■ **Task brief**
Repeat the data word for word and skip the pictures.

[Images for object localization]
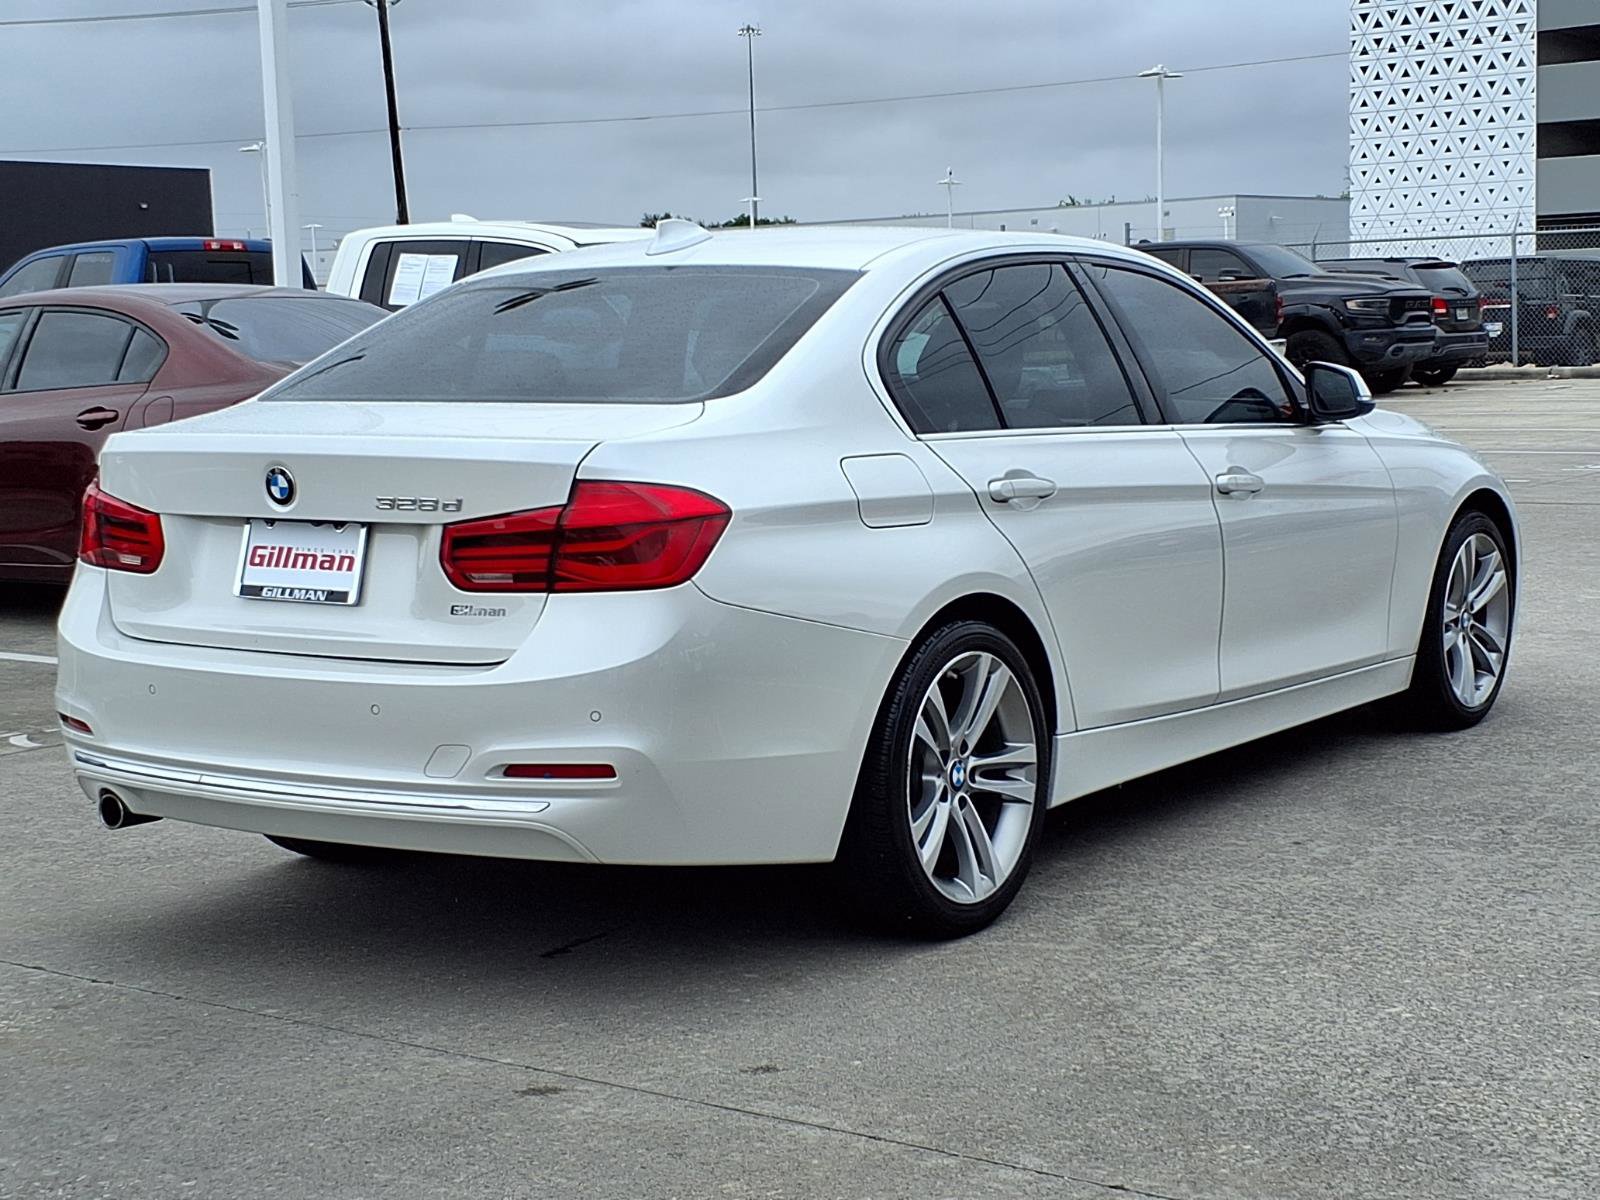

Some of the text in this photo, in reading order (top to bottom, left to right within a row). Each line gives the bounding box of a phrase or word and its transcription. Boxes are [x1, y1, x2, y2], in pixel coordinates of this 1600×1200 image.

[375, 496, 464, 512] 328d
[248, 545, 356, 572] Gillman
[261, 587, 328, 601] GILLMAN
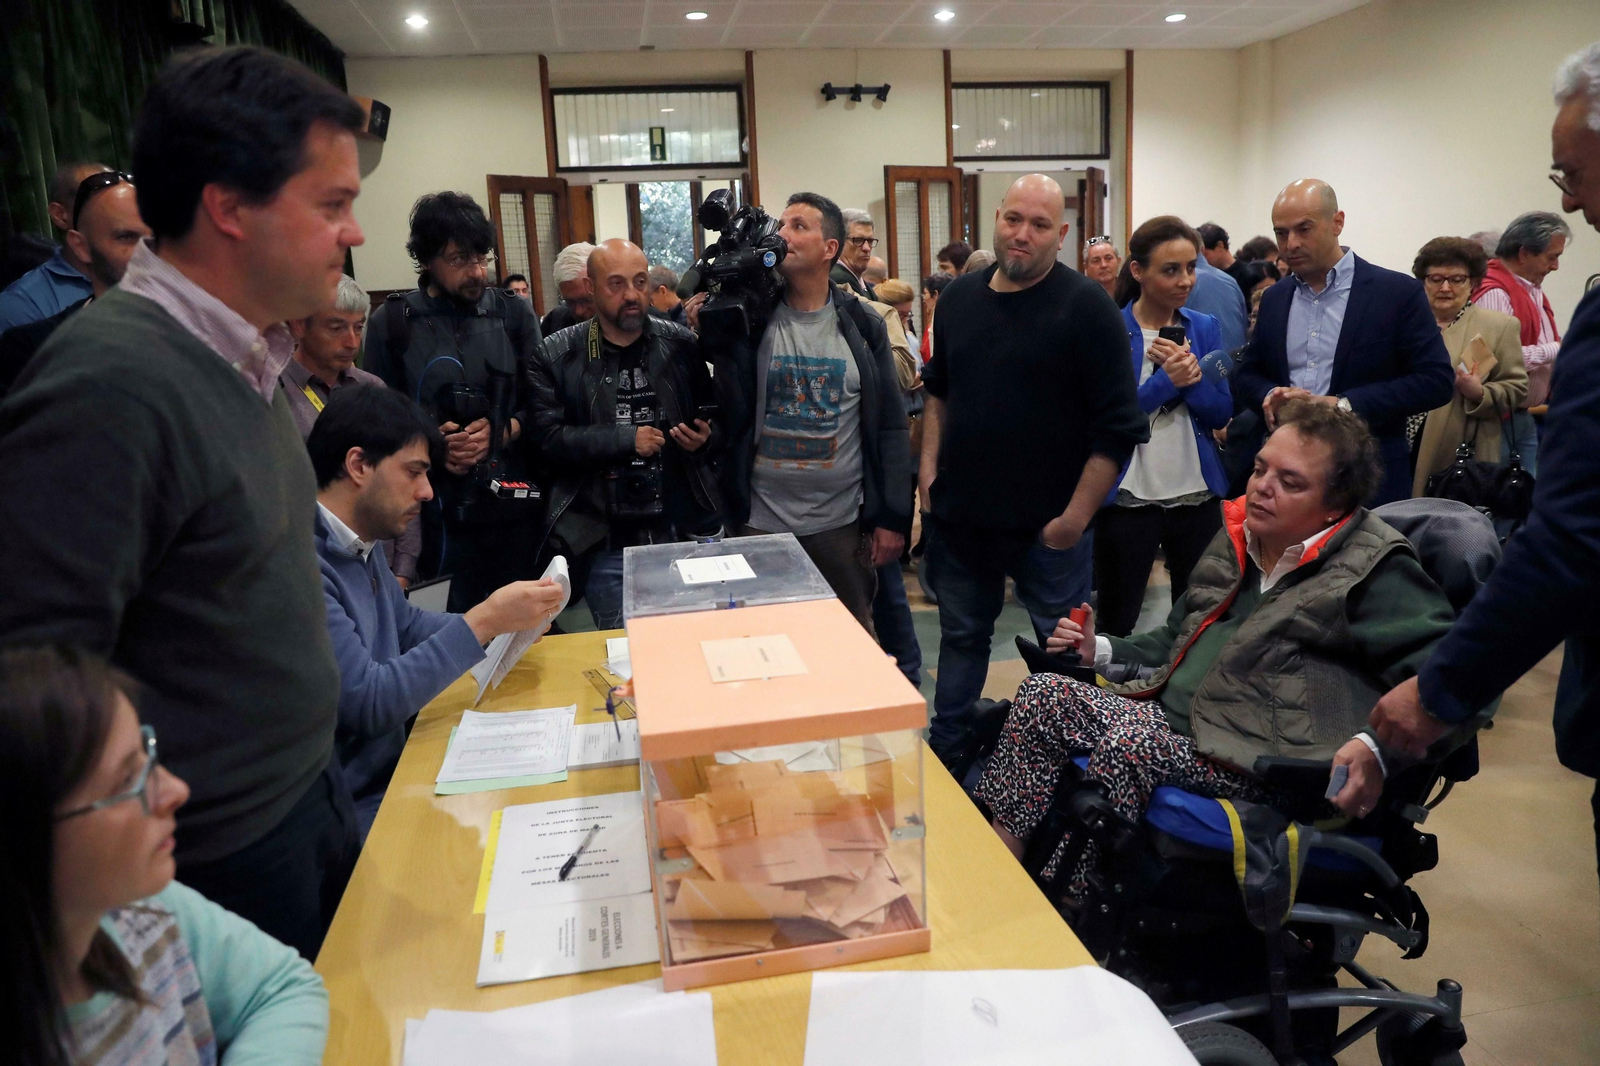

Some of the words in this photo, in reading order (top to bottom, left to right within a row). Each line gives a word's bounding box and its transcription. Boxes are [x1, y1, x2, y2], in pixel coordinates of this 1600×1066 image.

■ **Final answer**
Some of the text in this photo, in reading order (top to bottom, left to right within a row). Each line gives the bounding box of a phrase or word and its transcription. Boxes are [x1, y1, x2, y2], in pixel coordinates of this 1600×1200 image.

[375, 496, 464, 512] 328d
[248, 545, 356, 572] Gillman
[261, 587, 328, 601] GILLMAN

Some of the words in this photo, in reading order (top to bottom, left to right within a row). Each line gives a word's bounding box and its transcription. Boxes are [x1, y1, x2, y2], in pixel coordinates of this 1600×1066 image.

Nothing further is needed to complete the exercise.